YOUR OBJECTIVE. From the first line to the last, print the material exactly, skipping the pictures.

MATERIAL FOR THE TASK.
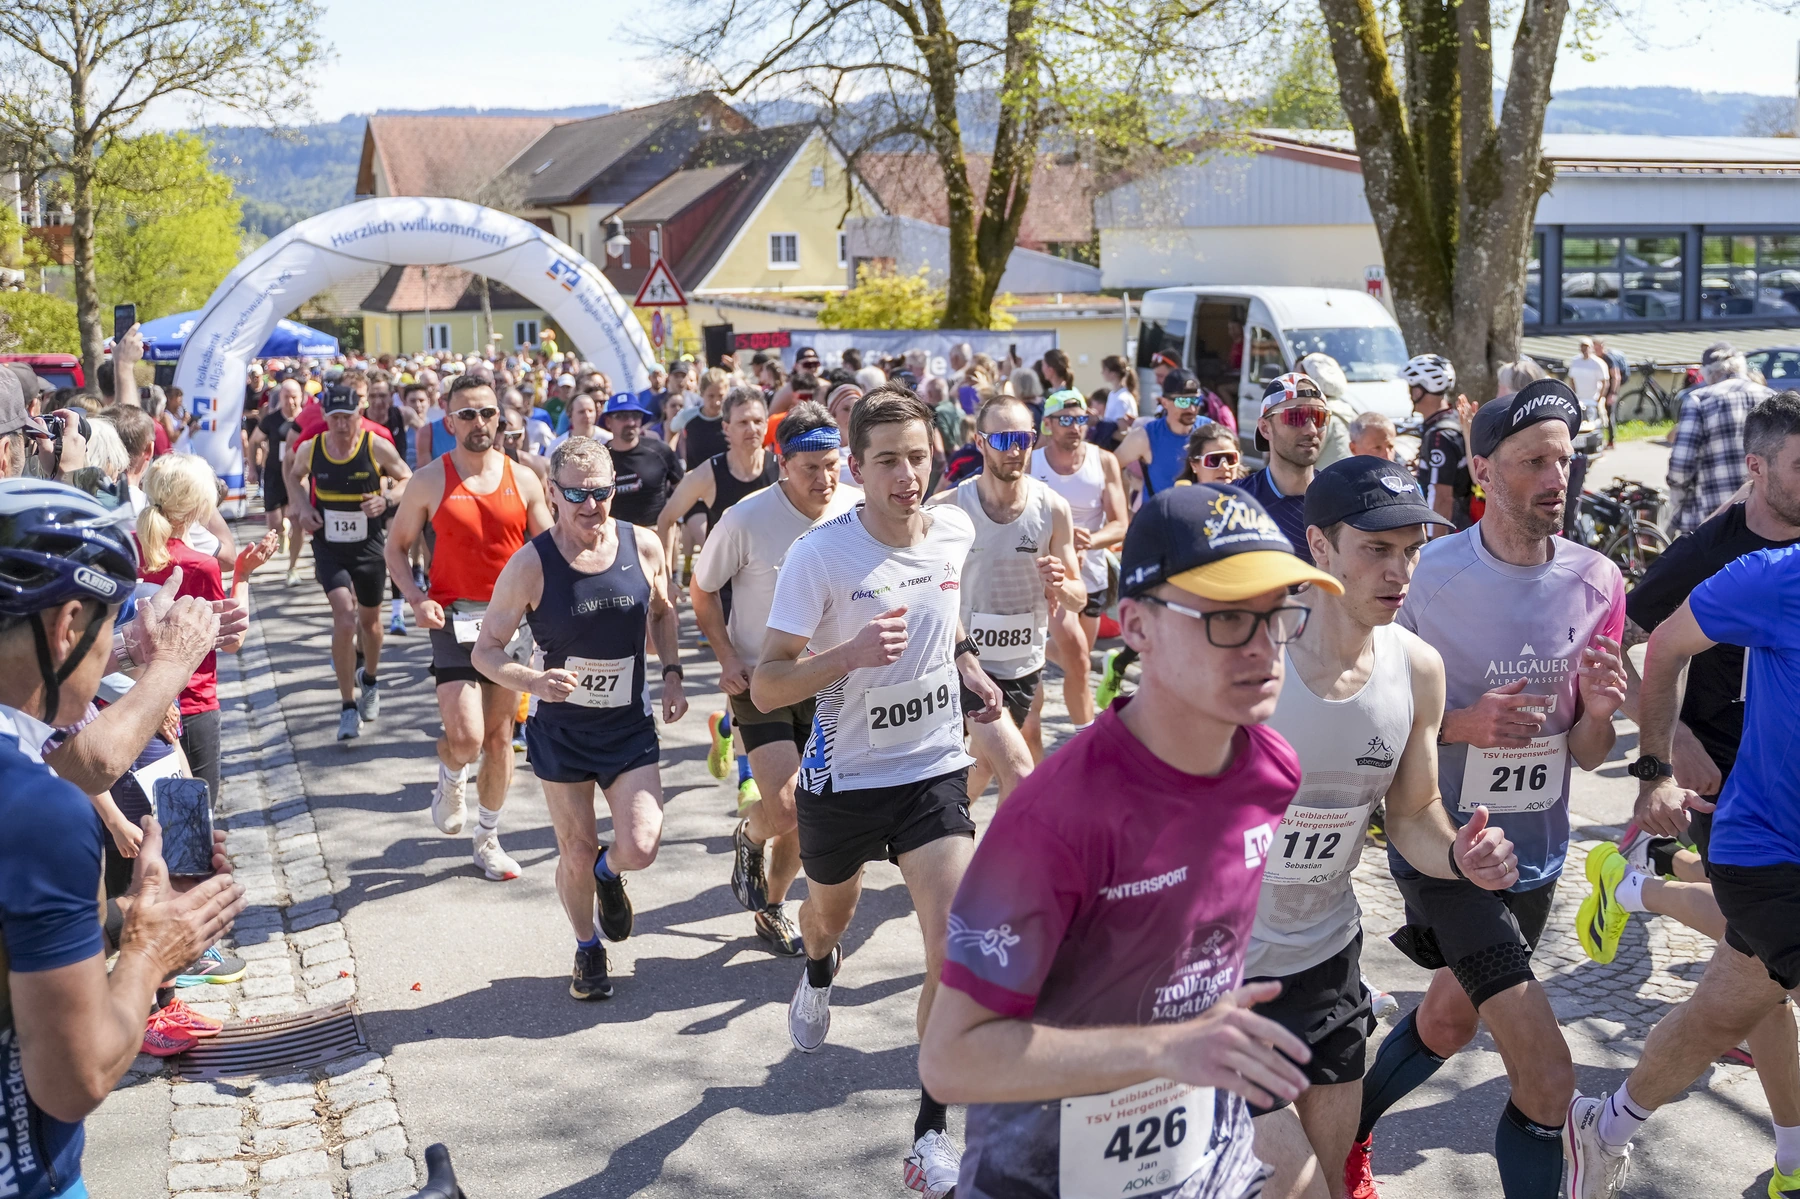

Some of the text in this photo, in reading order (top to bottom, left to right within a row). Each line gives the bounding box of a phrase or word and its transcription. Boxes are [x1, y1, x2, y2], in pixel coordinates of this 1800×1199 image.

[330, 217, 508, 248] Herzlich willkommen!
[194, 331, 222, 388] Volksbank
[1511, 394, 1578, 427] DYNAFIT
[334, 521, 357, 532] 134
[79, 571, 114, 593] ABUS
[907, 575, 932, 586] TERREX
[972, 627, 1032, 648] 20883
[1484, 658, 1570, 679] ALLGÄUER
[580, 674, 620, 692] 427
[1489, 675, 1564, 685] ALPEWASSER
[870, 683, 949, 730] 20919
[1383, 752, 1394, 761] SV
[1502, 748, 1560, 759] Hergensweiler
[1489, 763, 1548, 792] 216
[1294, 810, 1349, 820] Leiblachlauf
[1524, 801, 1546, 810] AOK
[1280, 817, 1357, 830] SV Hergensweiler
[1283, 831, 1342, 860] 112
[1284, 861, 1322, 869] Sebastian
[1106, 865, 1189, 901] INTERSPORT
[1307, 873, 1330, 883] AOK
[1155, 966, 1234, 1005] Trollinger
[1149, 990, 1222, 1021] Maratho
[1085, 1083, 1197, 1125] TSV Hergensweile
[1110, 1080, 1182, 1108] Leiblachla
[1580, 1104, 1596, 1130] balance
[1587, 1112, 1596, 1127] new
[1103, 1105, 1187, 1163] 426
[1137, 1160, 1158, 1172] Jan
[1122, 1175, 1154, 1192] AOK
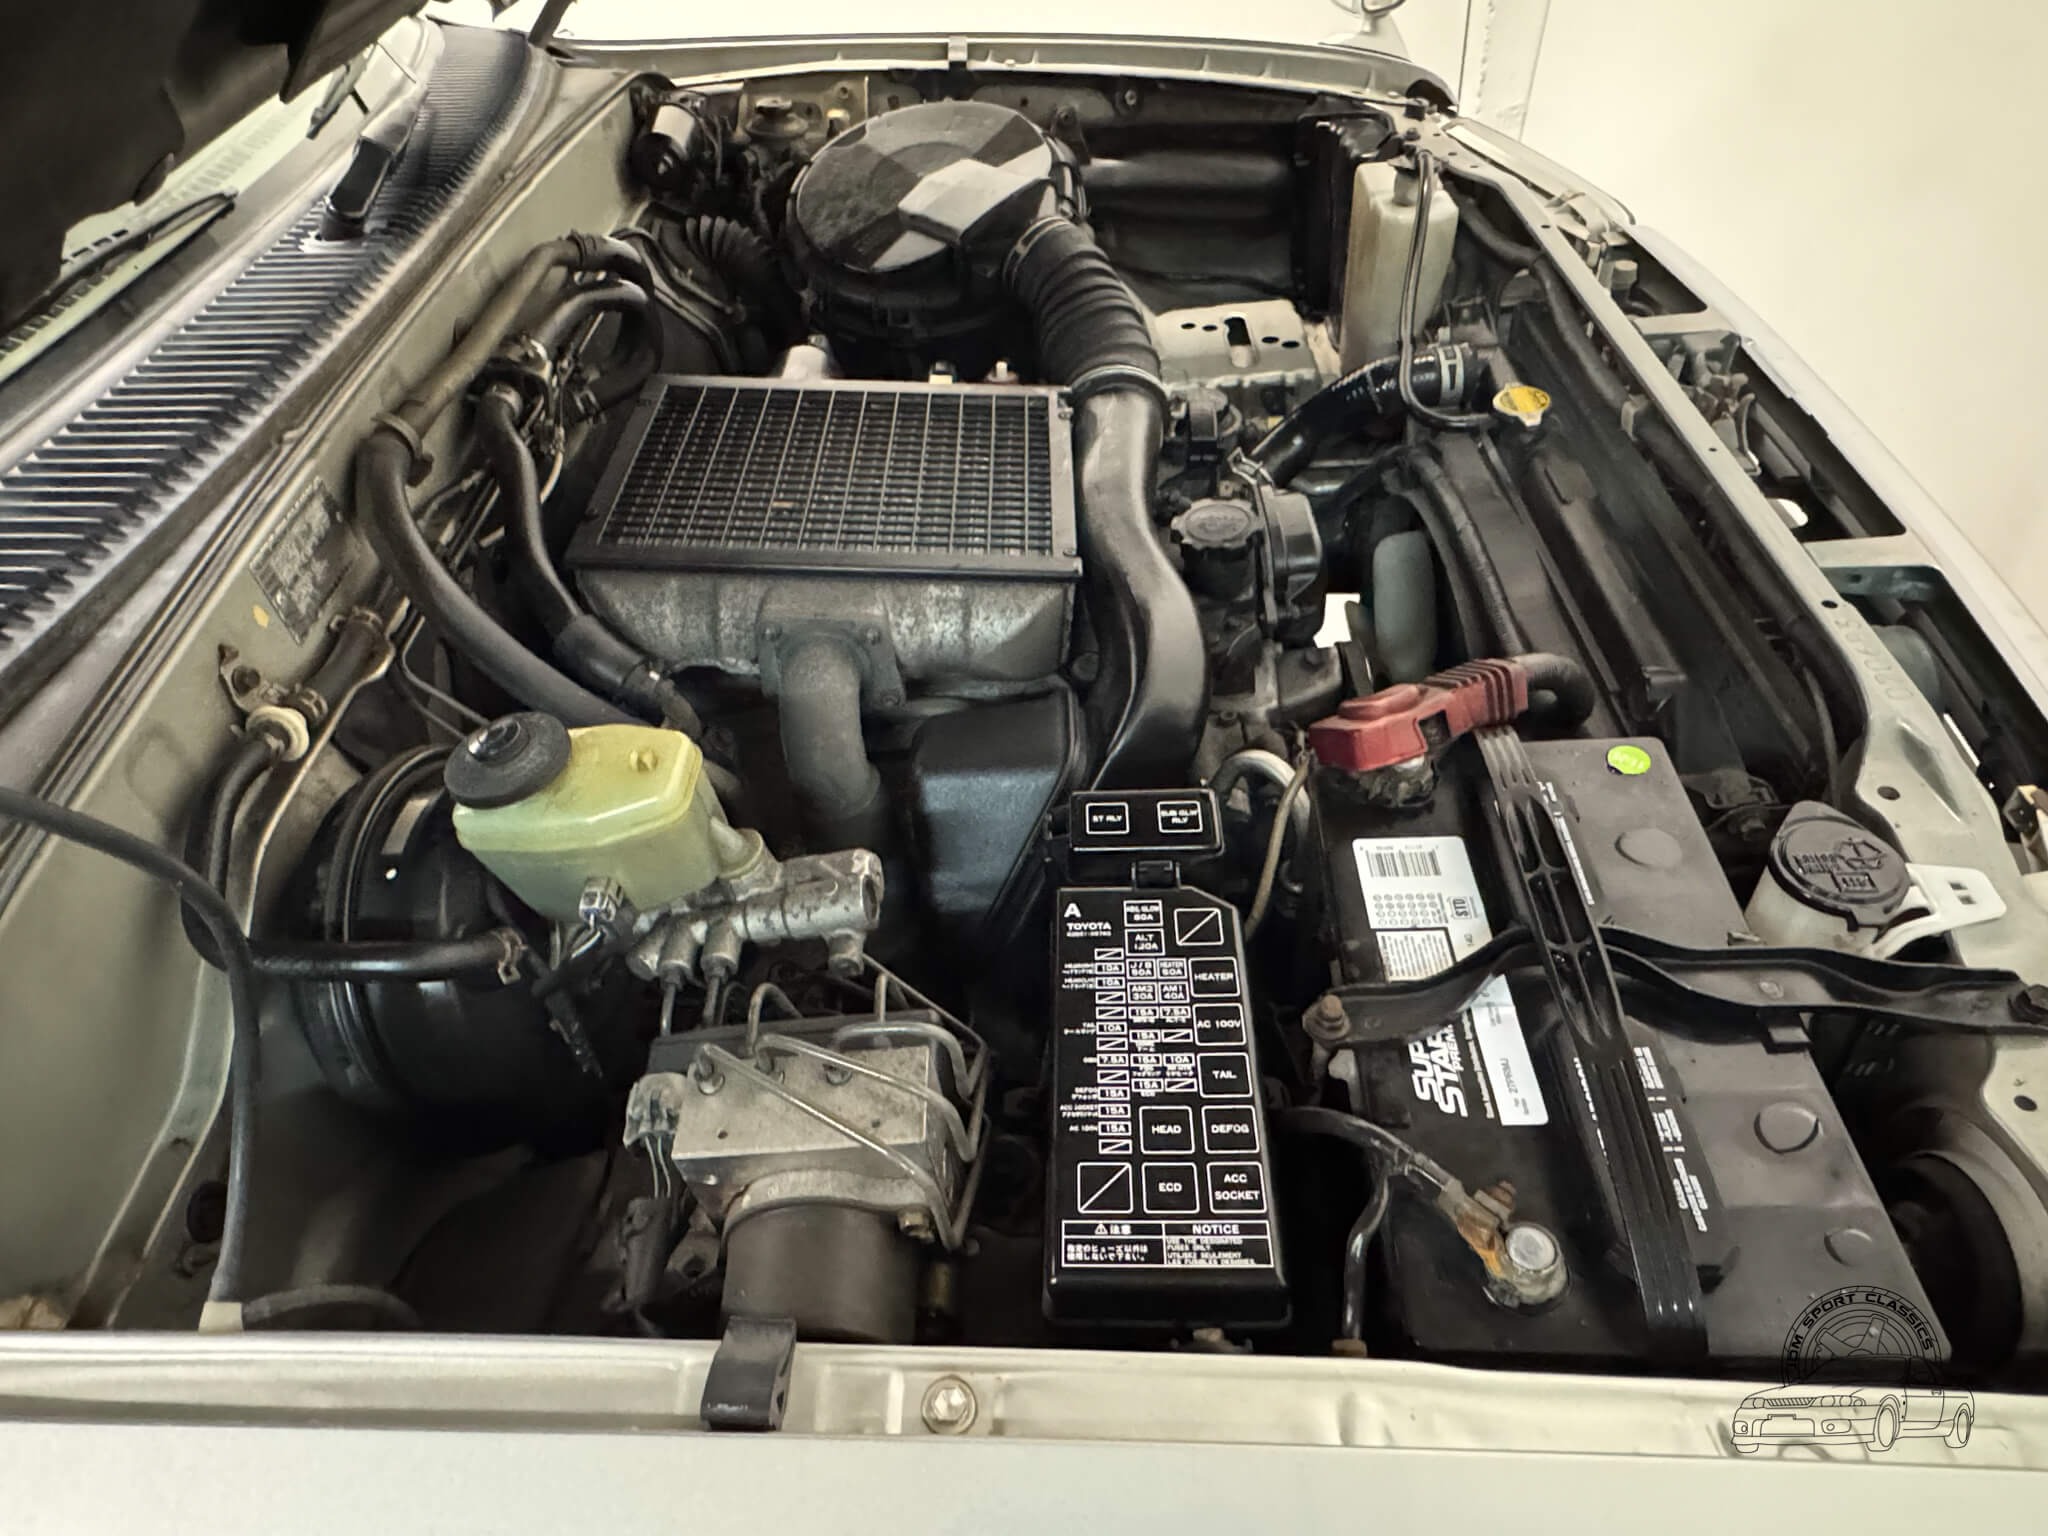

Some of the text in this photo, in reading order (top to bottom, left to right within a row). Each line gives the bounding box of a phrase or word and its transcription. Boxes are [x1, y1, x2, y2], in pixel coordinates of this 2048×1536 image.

[1064, 902, 1081, 918] A
[1066, 921, 1112, 931] TOYOTA
[1135, 933, 1154, 941] ALT
[1134, 943, 1158, 951] 120A
[1102, 964, 1120, 972] 10A
[1194, 972, 1234, 981] HEATER
[1102, 979, 1120, 987] 10A
[1132, 984, 1154, 992] AM2
[1163, 984, 1183, 992] AM1
[1133, 992, 1154, 1000] 30A
[1163, 992, 1185, 1000] 40A
[1104, 1024, 1121, 1032] 10A
[1197, 1020, 1241, 1028] AC 100V
[1444, 1024, 1464, 1072] PREM
[1170, 1056, 1189, 1064] 10A
[1212, 1070, 1238, 1079] TAIL
[1408, 1040, 1441, 1103] SUP
[1426, 1030, 1468, 1117] STAR
[1105, 1089, 1125, 1097] 15A
[1106, 1106, 1126, 1115] 15A
[1106, 1124, 1126, 1132] 15A
[1151, 1124, 1182, 1134] HEAD
[1211, 1124, 1250, 1133] DEFOG
[1223, 1174, 1248, 1183] ACC
[1158, 1183, 1183, 1192] ECD
[1214, 1191, 1260, 1200] SOCKET
[1192, 1224, 1240, 1234] NOTICE
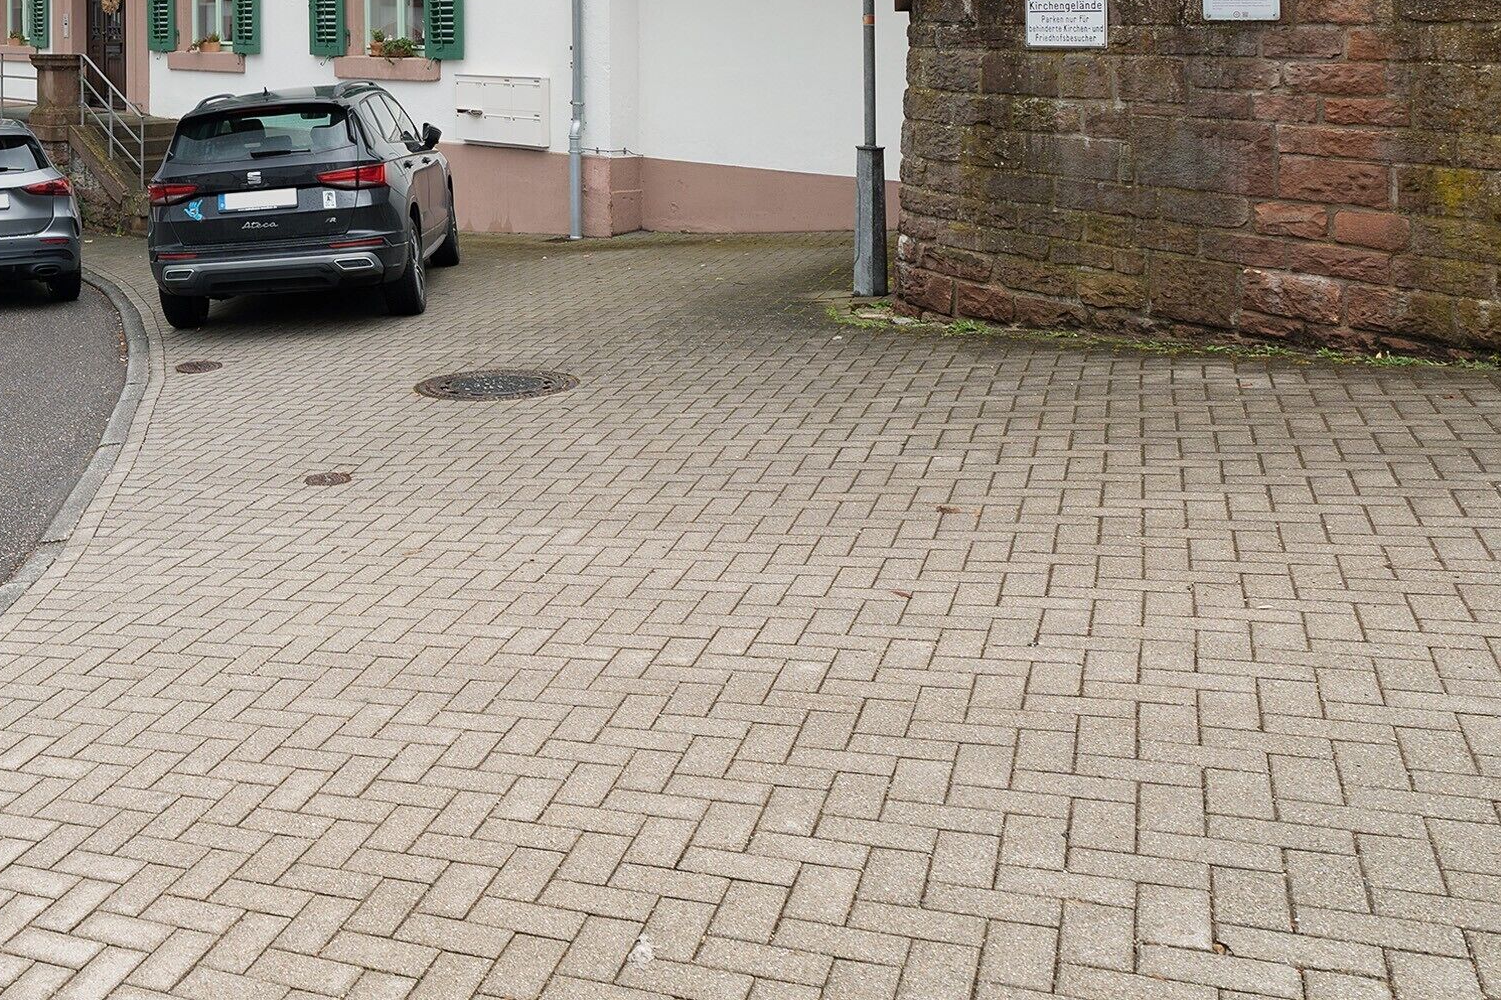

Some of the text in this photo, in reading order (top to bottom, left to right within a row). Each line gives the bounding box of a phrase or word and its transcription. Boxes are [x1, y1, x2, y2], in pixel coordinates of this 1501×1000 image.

[1029, 0, 1103, 12] Kirchengelände
[1041, 14, 1063, 23] Parken
[1029, 25, 1062, 33] behinderte
[1092, 25, 1103, 33] und
[1035, 33, 1097, 42] Friedhofsbesucher
[241, 221, 279, 230] Ateca

ANSWER TO THIS EXERCISE.
Some of the text in this photo, in reading order (top to bottom, left to right within a row). Each line gives the bounding box of a phrase or word and its transcription. Boxes are [x1, y1, x2, y2], in pixel coordinates of this 1800×1199 image.

[330, 217, 508, 248] Herzlich willkommen!
[194, 331, 222, 388] Volksbank
[1511, 394, 1578, 427] DYNAFIT
[334, 521, 357, 532] 134
[79, 571, 114, 593] ABUS
[907, 575, 932, 586] TERREX
[972, 627, 1032, 648] 20883
[1484, 658, 1570, 679] ALLGÄUER
[580, 674, 620, 692] 427
[1489, 675, 1564, 685] ALPEWASSER
[870, 683, 949, 730] 20919
[1383, 752, 1394, 761] SV
[1502, 748, 1560, 759] Hergensweiler
[1489, 763, 1548, 792] 216
[1294, 810, 1349, 820] Leiblachlauf
[1524, 801, 1546, 810] AOK
[1280, 817, 1357, 830] SV Hergensweiler
[1283, 831, 1342, 860] 112
[1284, 861, 1322, 869] Sebastian
[1106, 865, 1189, 901] INTERSPORT
[1307, 873, 1330, 883] AOK
[1155, 966, 1234, 1005] Trollinger
[1149, 990, 1222, 1021] Maratho
[1085, 1083, 1197, 1125] TSV Hergensweile
[1110, 1080, 1182, 1108] Leiblachla
[1580, 1104, 1596, 1130] balance
[1587, 1112, 1596, 1127] new
[1103, 1105, 1187, 1163] 426
[1137, 1160, 1158, 1172] Jan
[1122, 1175, 1154, 1192] AOK

Some of the text in this photo, in reading order (top to bottom, left to right within a row). Each line gives the bounding box of a phrase or word and its transcription. Boxes are [x1, y1, x2, y2], in pixel coordinates of this 2048×1536 image.

[1064, 902, 1081, 918] A
[1066, 921, 1112, 931] TOYOTA
[1135, 933, 1154, 941] ALT
[1134, 943, 1158, 951] 120A
[1102, 964, 1120, 972] 10A
[1194, 972, 1234, 981] HEATER
[1102, 979, 1120, 987] 10A
[1132, 984, 1154, 992] AM2
[1163, 984, 1183, 992] AM1
[1133, 992, 1154, 1000] 30A
[1163, 992, 1185, 1000] 40A
[1104, 1024, 1121, 1032] 10A
[1197, 1020, 1241, 1028] AC 100V
[1444, 1024, 1464, 1072] PREM
[1170, 1056, 1189, 1064] 10A
[1212, 1070, 1238, 1079] TAIL
[1408, 1040, 1441, 1103] SUP
[1426, 1030, 1468, 1117] STAR
[1105, 1089, 1125, 1097] 15A
[1106, 1106, 1126, 1115] 15A
[1106, 1124, 1126, 1132] 15A
[1151, 1124, 1182, 1134] HEAD
[1211, 1124, 1250, 1133] DEFOG
[1223, 1174, 1248, 1183] ACC
[1158, 1183, 1183, 1192] ECD
[1214, 1191, 1260, 1200] SOCKET
[1192, 1224, 1240, 1234] NOTICE

Some of the text in this photo, in reading order (top to bottom, left to right within a row). Each line gives the bounding box of a phrase or word and its transcription. Boxes are [x1, y1, x2, y2], in pixel coordinates of this 1501×1000 image.

[1029, 0, 1103, 12] Kirchengelände
[1041, 14, 1063, 23] Parken
[1029, 25, 1062, 33] behinderte
[1092, 25, 1103, 33] und
[1035, 33, 1097, 42] Friedhofsbesucher
[241, 221, 279, 230] Ateca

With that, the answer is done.